Ideally, the mucosa of the intestine should be a semi-permeable barrier: allowing desirable nutrients into the bloodstream. When things that should stay in the intestine are allowed into the  bloodstream, however, the condition is called hyper-permeable intestinal barrier or 'leaky gut." A leaky gut can cause nutritional deficiencies and food allergies or food intolerance. This condition steals energy, creates more SIBO work for the liver, and accelerates aging.

PROBIOTICS are beneficial bacteria which help to create a healthy microbiome (collection of microorganisms) in every human being. For bowel health, 50% of a stool consists of good bacteria.
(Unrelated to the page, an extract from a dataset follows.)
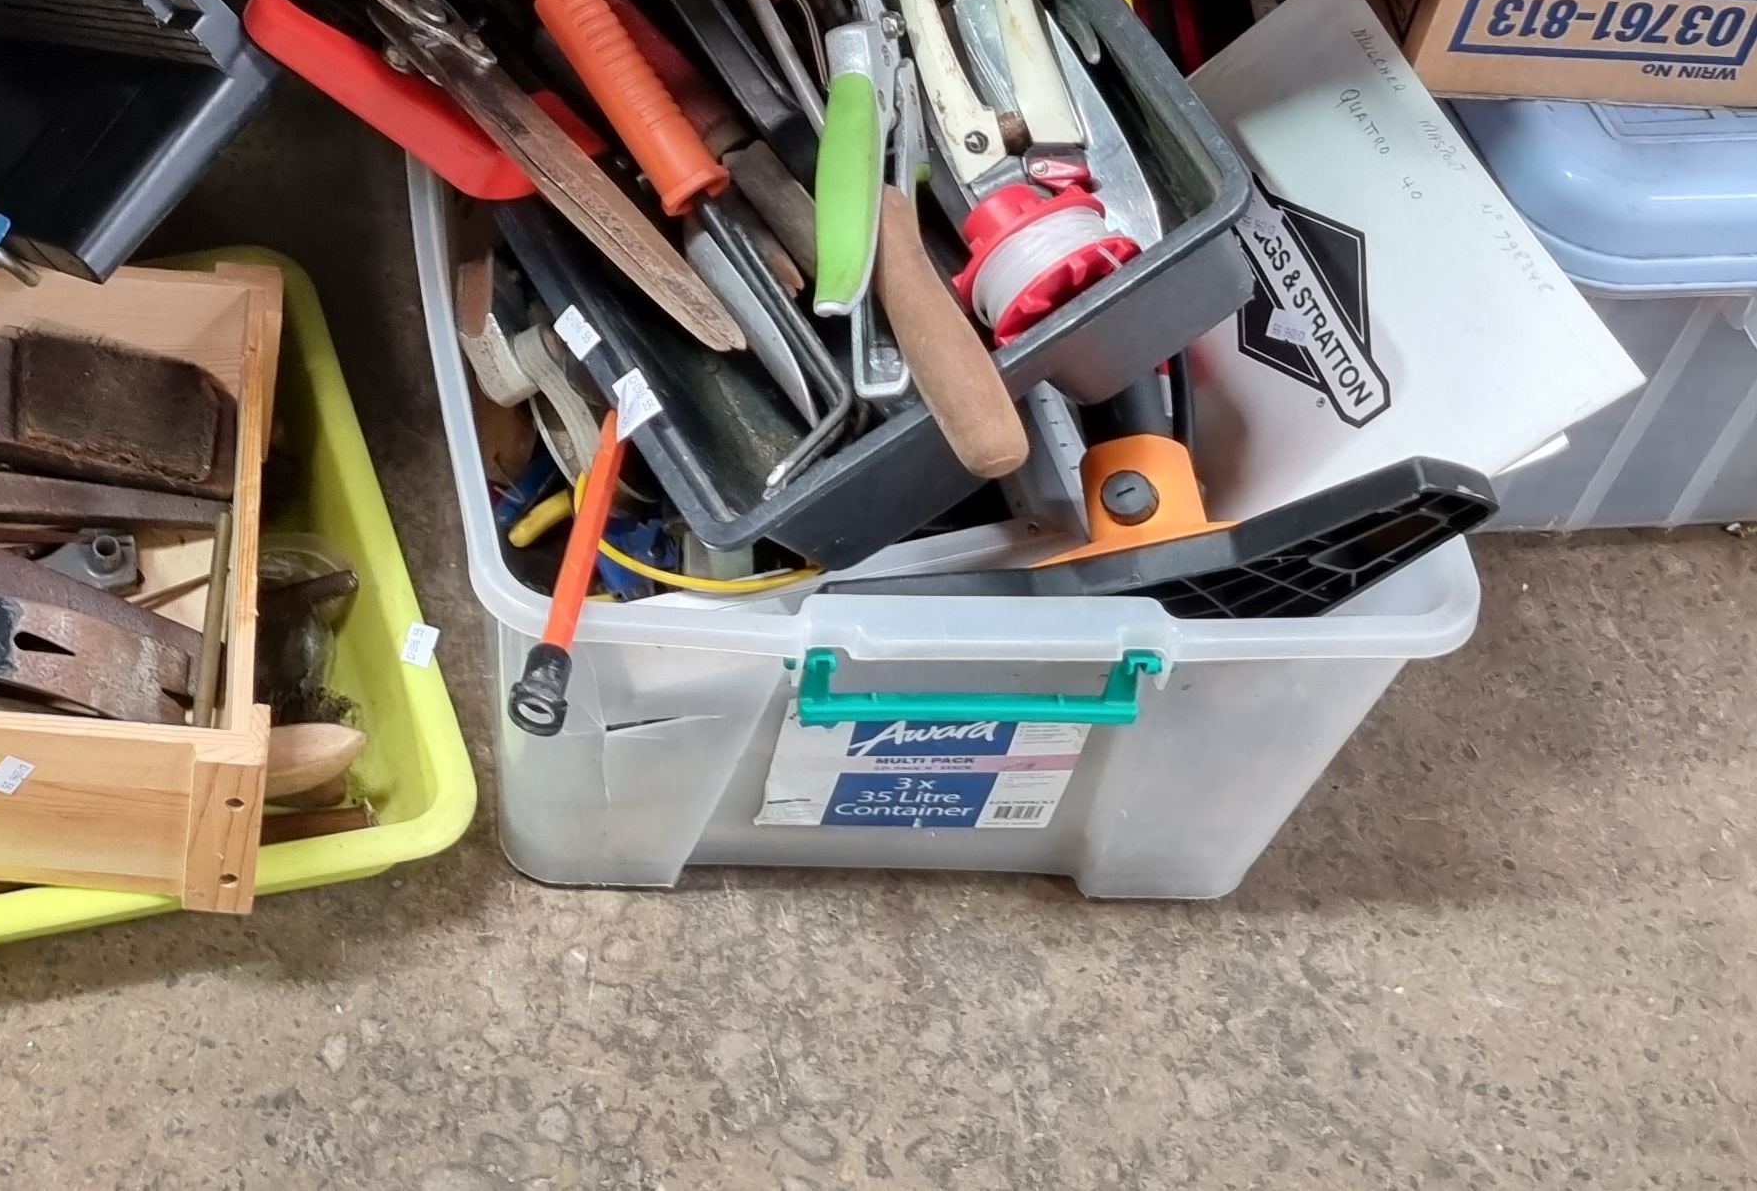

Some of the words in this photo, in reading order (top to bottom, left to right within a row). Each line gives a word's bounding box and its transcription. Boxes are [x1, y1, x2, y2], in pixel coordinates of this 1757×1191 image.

Probiotics, unexpectedly, are responsible for about 20% of the conversion of inactive thyroid hormone (T4) into active T3. In a study of depressed patients, taking probiotics for 8 weeks decreased depression and reduced C-reactive protein levels (a marker of inflammation). Lactic-acid-producing bacteria may reduce cholesterol by breaking down bile in the gut.

Everyone benefits from a wide variety and large numbers of bacteria and other microbes. Conditions and diseases such as IBD (Inflammatory Bowel Disease), IBS (Inflammatory Bowel Syndrome), obesity, Type 2 diabetes, and colorectal cancer have been linked to a lack of beneficial bacteria.

Healthy gut bacteria are increased by...

1. Fermented foods and anaerobes (good bacteria)

In the fermenting process, sugars and starches are broken down by probiotics and yeasts, and the end result is very beneficial for the gut's microbiome. Anaerobes assist in this fermentation process and create postbiotics (explained below).  Anaerobes make the nutrients in fermented foods more bioavailable. 

2. Fulvic acids 

Fulvic acids help the body to absorb probiotics. Organic vegetables grown in soil are high in fulvic acid, and fulvic acid promotes a balanced microbiome. The use of fulvic acid can help to avoid leaky gut, SIBO and IBS. 

PREBIOTICS are food for probiotics. Eating a diversity of fibrous foods (avocados, strawberries, lentils, apples, carrots, bananas, chick peas, artichokes, etc.) helps to feed good bacteria. There are some supplements which help, too.

POSTBIOTICS are the benefits of a good microbiome: nutrients such as folate, vitamin K2, CoQ10, short chain fatty acids and amino acids that are precursors to dopamine (an important brain chemical).